Sent from Petguide.com Free App


----------



## KatsMuse (Jun 5, 2012)

Oh dear!...Hope she'll be ok!?
(In the US, we usually add water to dry kibble, not milk...if we add any liquid.)

Yes, I would take her to the VET.

Let us know how she is doing.
Hoping for the best. :fingerscrossed:

Kat


----------



## Shade (Feb 20, 2012)

Better safe then sorry, the vet should be able to help and I hope she feels better soon.


----------



## JakodaCD OA (May 14, 2000)

praying she will be ok, please let us know, poor puppy


----------



## tutu (Sep 20, 2013)

I took her to the vet he said she has an allergic reaction to the milk and she also has worms and a flu. He gave her two shots one for worms and one for the flu and said to come back again tomorrow. I hope she gets better..


Sent from Petguide.com Free App


----------



## PixelGalileo (Sep 19, 2013)

tutu said:


> I took her to the vet he said she has an allergic reaction to the milk and she also has worms and a flu. He gave her two shots one for worms and one for the flu and said to come back again tomorrow. I hope she gets better..
> 
> 
> Sent from Petguide.com Free App


 Fingers and Paws crossed that your Pup is ok


----------



## tutu (Sep 20, 2013)

Thank you all for ur concern ?? i really apreciate it


Sent from Petguide.com Free App


----------



## KatsMuse (Jun 5, 2012)

Poor baby! 
I hope she feels better soon.

 Kat


----------



## Shade (Feb 20, 2012)

Poor thing, I hope she feels better soon


----------



## wolfstraum (May 2, 2003)

here we worm pups very early, although I know it is not as common to do that in Europe...I am assuming you are in Africa somewhere because of your avatar (which I love!)....
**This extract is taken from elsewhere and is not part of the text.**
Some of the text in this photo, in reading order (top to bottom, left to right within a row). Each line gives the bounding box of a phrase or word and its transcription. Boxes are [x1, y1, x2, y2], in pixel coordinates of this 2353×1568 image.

As has been said, cow's milk is not great for dogs....goat's milk is much better, but as pups grow, any milk is not really necessary...
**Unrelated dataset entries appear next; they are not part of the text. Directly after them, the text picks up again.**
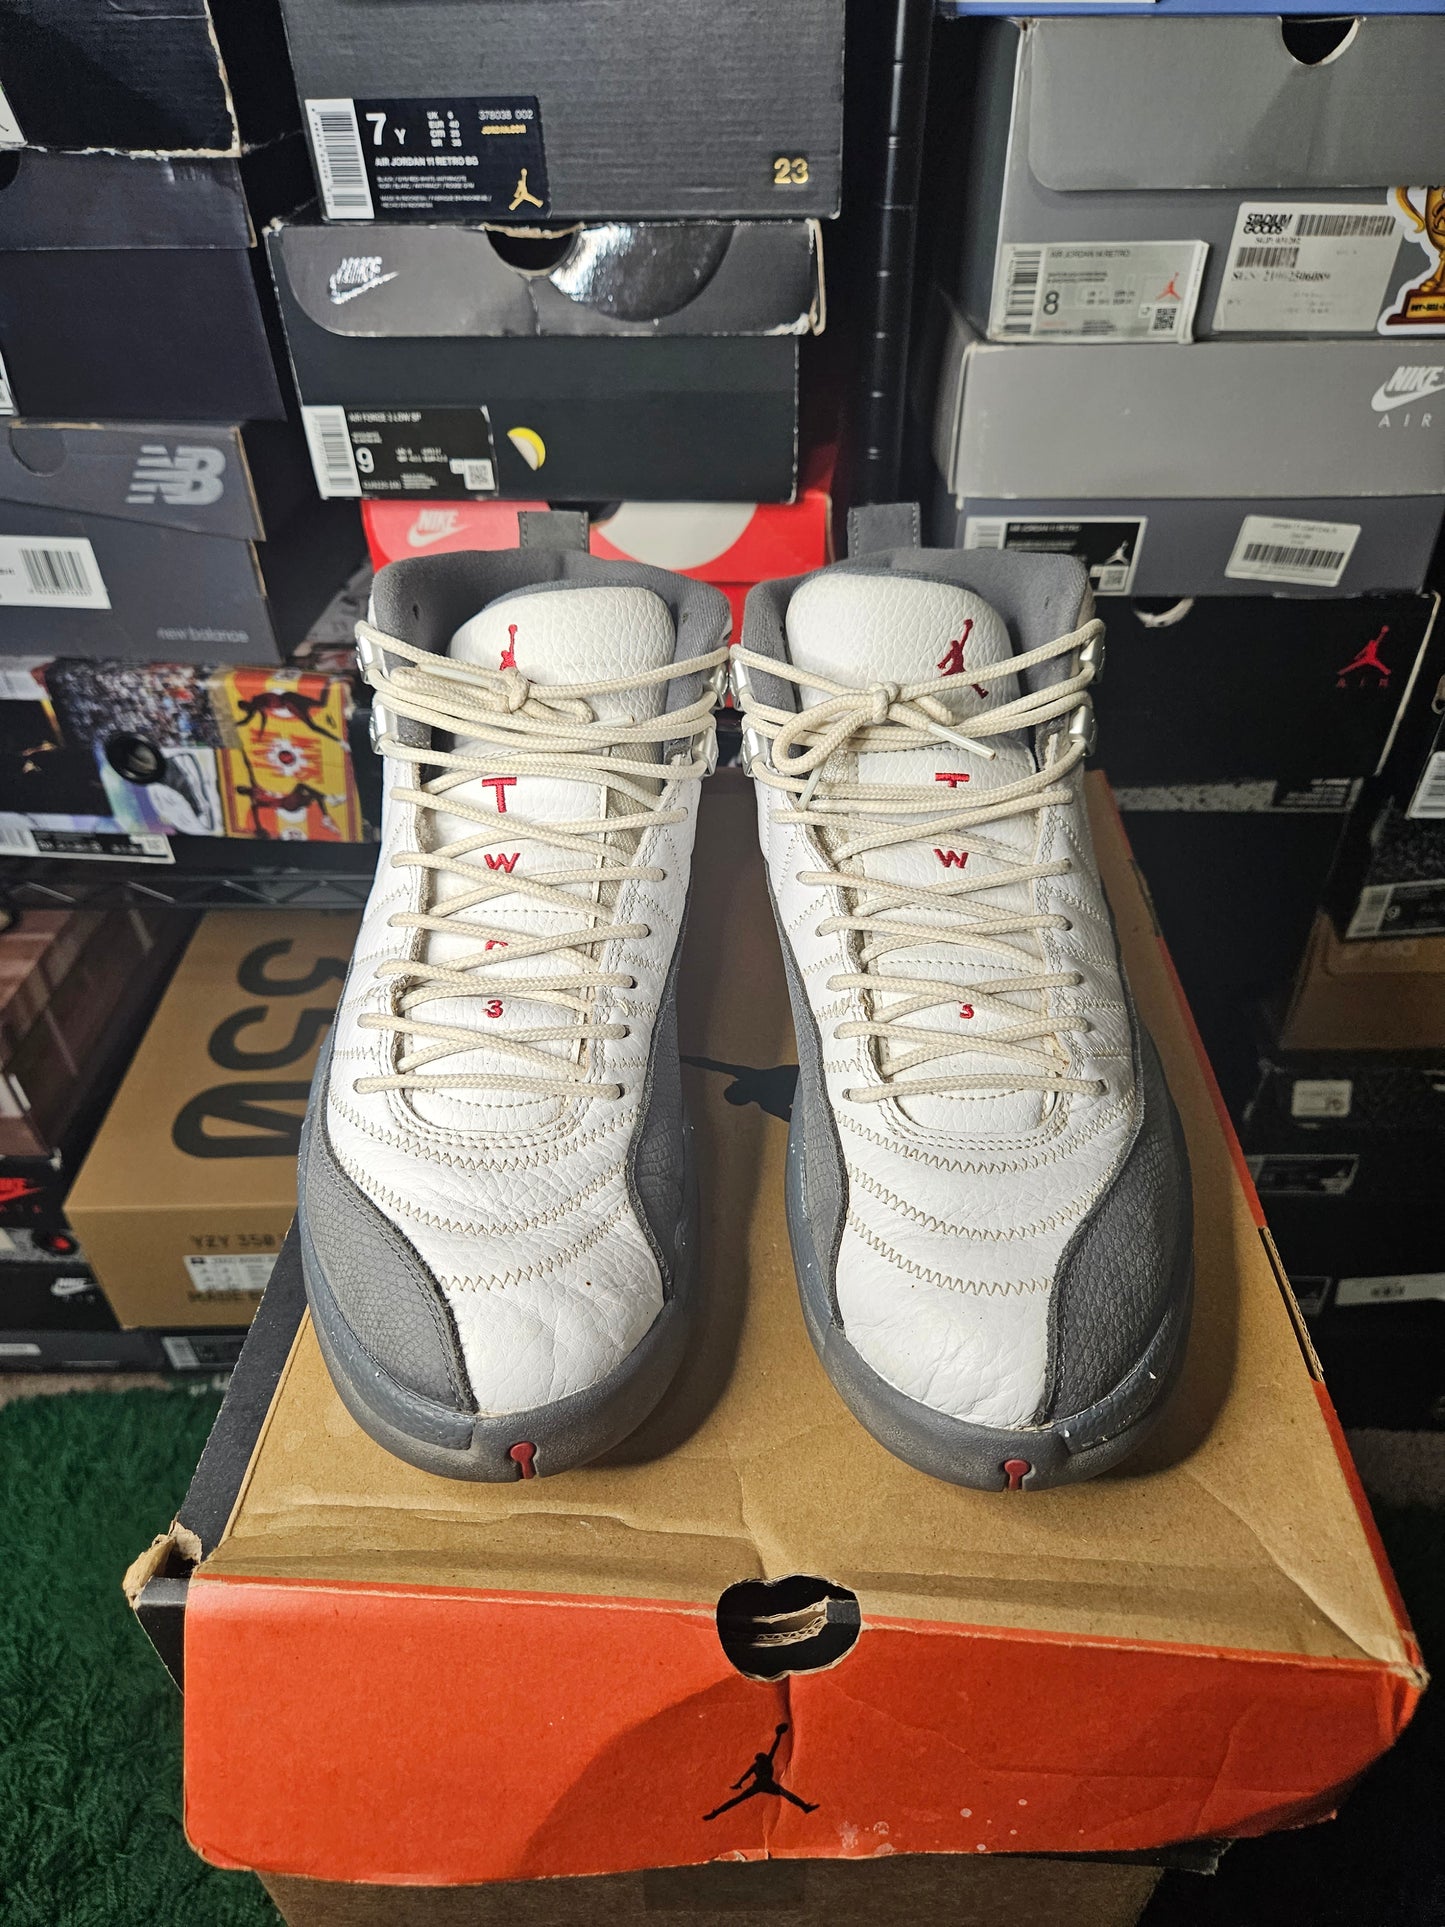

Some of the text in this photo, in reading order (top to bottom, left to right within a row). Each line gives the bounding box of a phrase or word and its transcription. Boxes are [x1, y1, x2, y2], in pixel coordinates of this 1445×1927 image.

[366, 112, 405, 146] 7 Y
[374, 157, 390, 167] AIR
[391, 156, 425, 167] JORDAN
[435, 155, 465, 166] RETRO
[773, 157, 809, 184] 23
[1243, 223, 1282, 235] GOODS
[1245, 213, 1292, 227] STADIUM
[336, 256, 382, 284] NIKE
[1043, 291, 1060, 315] 8
[1385, 366, 1444, 392] NIKE
[1378, 413, 1432, 428] AIR
[355, 447, 375, 473] 9
[416, 509, 458, 532] NIKE
[157, 628, 248, 643] new balance
[933, 848, 969, 870] W
[482, 777, 520, 1019] T W 3
I hope that whatever "flu" the vet is treating for is not serious  

Let us know how she fares

Lee


----------



## mbussinger166 (Sep 10, 2013)

Praying he makes a quick recovery


----------



## Stevenzachsmom (Mar 3, 2008)

Thinking of you and praying for your pup.

Hugs!


----------



## Wolfgeist (Dec 4, 2010)

Thinking about you and your puppy!! 

Instead of milk, try mixing water in with the food or a nice multivitamin supplement like Nupro Gold... for weak or sick puppies and dogs, a multivitamin can ensure they get that extra boost of nutrition and keep electrolytes up!


----------



## TAR HEEL MOM (Mar 22, 2013)

Hope all is well. Please let us know.


----------